The Trino adapter was contributed by community member Tyler Hillery.

This documentation is Copyright 2024 Tyler Hillery, reproduced here under an MIT License. See the repository for the most up-to-date documentation.

Warning

ADBC is a very new database connectivity method compared to ODBC, JDBC that aims at providing a more efficient way to transfer columnar data over the wire.

Due to the recency of its development, there is various level of functionality across drivers which may cause issues.

Installation

harlequin-adbc depends on adbc_driver_manager, harlequin and pyarrow, so installing this package with also install these dependencies.

You should also install the adbc driver(s) for the database(s) you plan on connecting to, otherwise you will have to download the driver yourself from another place and provide the --driver-path cli option.

The following drivers are available as Python packages:

  • adbc-driver-flightsql
  • adbc-driver-postgresql
  • adbc-driver-snowflake
  • adbc-driver-sqlite
lightbulb icon Note
If you don't install the driver but provide a --drive-type cli argument you will get an ImportError when you run Harlequin.

Example usage:

$ uv tool install 'harlequin[adbc]' --with adbc-driver-snowflake

Usage and Configuration

Run Harlequin with the -a adbc option and pass in a connection string as an argument. The format of the connection string will depend on the driver you are using. You will also need to provide either the --driver-type option or the --driver-path.

Driver Type (preferred)

When you use the —driver-type option it will try to dynamically use the driver package of the type selected adbc-driver-{driver type}. That is why it’s crucial to also have that package also install in the virtual environment where Harlequin is installed.

  • --driver-type with one of the following options
  • flightsql, postgresql, snowflake, sqlite, duckdb

Driver Path

The other option is to pass the file path location of the adbc driver that you are using. Note this method is not well tested.

  • --driver-path

DB Kwargs String (Optional)

Since the drivers implement so many different options to pass through when you connect to the database this is a way to pass through these options. The format of the string is key=value separated by ;

  • --db-kwargs-str

Example:

$ `--db-kwargs-str "username=flight_username;password=flight_password;adbc.flight.sql.client_option.tls_skip_verify=true"`

This will parse the string and pass through these values into the db_kwargs value in the dbapi.connect() method.

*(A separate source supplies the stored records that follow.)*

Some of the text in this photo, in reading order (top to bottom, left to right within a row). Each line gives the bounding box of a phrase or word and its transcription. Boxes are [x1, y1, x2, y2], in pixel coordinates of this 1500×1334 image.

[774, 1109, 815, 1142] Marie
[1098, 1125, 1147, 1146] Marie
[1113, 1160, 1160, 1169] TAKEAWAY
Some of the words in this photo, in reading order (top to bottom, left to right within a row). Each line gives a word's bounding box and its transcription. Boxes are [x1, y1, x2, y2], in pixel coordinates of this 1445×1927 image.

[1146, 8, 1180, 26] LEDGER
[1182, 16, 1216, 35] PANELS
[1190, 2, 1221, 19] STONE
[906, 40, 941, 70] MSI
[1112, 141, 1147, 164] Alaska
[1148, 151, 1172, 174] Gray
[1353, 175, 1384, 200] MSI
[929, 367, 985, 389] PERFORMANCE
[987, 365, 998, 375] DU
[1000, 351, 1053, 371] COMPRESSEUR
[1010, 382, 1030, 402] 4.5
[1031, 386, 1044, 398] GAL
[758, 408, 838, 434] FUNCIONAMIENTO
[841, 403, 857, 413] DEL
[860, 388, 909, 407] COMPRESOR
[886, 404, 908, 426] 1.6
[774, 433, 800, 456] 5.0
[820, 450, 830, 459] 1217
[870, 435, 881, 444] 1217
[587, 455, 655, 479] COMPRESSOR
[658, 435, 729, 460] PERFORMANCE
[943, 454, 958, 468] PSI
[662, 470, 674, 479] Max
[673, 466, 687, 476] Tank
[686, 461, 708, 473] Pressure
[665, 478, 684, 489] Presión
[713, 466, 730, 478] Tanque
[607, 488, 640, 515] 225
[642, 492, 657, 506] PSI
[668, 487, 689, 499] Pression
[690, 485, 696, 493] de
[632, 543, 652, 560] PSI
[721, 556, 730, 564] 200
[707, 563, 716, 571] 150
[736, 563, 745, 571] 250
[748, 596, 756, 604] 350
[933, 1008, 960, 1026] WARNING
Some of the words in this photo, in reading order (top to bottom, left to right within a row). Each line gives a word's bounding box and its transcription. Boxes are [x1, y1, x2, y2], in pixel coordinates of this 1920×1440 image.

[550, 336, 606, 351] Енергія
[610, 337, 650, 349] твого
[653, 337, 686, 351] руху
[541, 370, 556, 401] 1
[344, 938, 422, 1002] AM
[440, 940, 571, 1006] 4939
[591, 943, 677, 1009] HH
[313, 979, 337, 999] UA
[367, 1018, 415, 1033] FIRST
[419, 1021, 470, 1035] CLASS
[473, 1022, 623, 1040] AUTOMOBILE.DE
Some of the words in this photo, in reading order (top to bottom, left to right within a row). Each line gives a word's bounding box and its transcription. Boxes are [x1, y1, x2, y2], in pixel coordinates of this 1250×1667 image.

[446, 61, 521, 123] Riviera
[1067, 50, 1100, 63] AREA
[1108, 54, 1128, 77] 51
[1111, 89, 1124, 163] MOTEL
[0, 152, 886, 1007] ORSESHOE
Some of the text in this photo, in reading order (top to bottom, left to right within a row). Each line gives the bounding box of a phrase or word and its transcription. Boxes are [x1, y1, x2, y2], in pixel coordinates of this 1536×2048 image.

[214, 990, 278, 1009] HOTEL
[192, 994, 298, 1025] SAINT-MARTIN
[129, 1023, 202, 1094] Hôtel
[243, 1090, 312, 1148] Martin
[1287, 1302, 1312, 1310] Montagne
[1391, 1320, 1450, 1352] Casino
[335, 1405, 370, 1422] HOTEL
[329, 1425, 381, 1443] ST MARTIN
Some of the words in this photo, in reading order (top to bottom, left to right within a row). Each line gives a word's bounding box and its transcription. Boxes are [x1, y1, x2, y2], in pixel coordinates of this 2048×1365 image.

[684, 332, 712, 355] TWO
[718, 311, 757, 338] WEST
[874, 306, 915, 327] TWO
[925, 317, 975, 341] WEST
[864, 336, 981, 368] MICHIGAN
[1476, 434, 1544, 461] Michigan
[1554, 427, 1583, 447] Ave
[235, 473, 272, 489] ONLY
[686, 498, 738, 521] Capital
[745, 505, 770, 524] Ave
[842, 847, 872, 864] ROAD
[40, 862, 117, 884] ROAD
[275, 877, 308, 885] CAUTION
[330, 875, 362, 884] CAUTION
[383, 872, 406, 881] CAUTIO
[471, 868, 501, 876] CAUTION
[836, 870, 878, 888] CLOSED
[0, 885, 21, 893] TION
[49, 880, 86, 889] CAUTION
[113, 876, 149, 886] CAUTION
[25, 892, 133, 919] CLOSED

Note the parser relies on the ; and = so if any of of the parameters in the string contain either of these characters it’s not going to work. This is a known limitation and something being worked on.

Snowflake Driver

The Snowflake URI should be of one of the following formats:

  • user[:password]@account/database/schema[?param1=value1¶mN=valueN]
  • user[:password]@account/database[?param1=value1¶mN=valueN]
  • user[:password]@host:port/database/schema?account=user_account[¶m1=value1¶mN=valueN]
  • host:port/database/schema?account=user_account[¶m1=value1¶mN=valueN]

Check the Snowflake ADBC Driver Docs for more details.

Example usage:

$ harlequin -a adbc "$SNOWFLAKE_URI" --driver-type snowflake

FlightSQL Driver

Example usage:

$ harlequin -a adbc "grpc+tls://localhost:31337" --driver-type flightsql --db-kwargs-str "username=flight_username;password=flight_password;adbc.flight.sql.client_option.tls_skip_verify=true"

Check the FlightSQL ADBC Driver Docs for more details.

Postgres Driver

lightbulb icon Tip
Harlequin also has a Postgres adapter, which connects using Psycopg, instead of ADBC. For more information, see this page.

The Postgres URI should be in the format of a Postgres DSN:

$ harlequin -a adbc --driver-type postgresql "postgres://my-user:my-pass@localhost:5432/my-database"

DuckDB and SQLite

While DuckDB and SQLite both have ADBC drivers it’s not recommend to use them. Harlequin natively supports both of the databases without having to install any other dependencies.

Known Issues

  • Snowflake adbc driver seems to be the only driver that returns the xdbc_data_type from adbc_get_objects()
  • Snowflake adbc driver has a bug with adbc_get_table_schema() that returns adbc_driver_manager.OperationalError: IO: sql: expected 12 destination arguments in Scan, not 11
  • The PostgreSQL adbc driver is overall buggy and when executing queries you might get the error IO: [libpq] Fetch header failed: no COPY in progress
  • SQLite and DuckDB don’t have the same level of depth for adbc_get_objects() compared to other dbs which causes weird issues.
  • DuckDB driver uses different names for the adbc_get_objects() which causes things to break.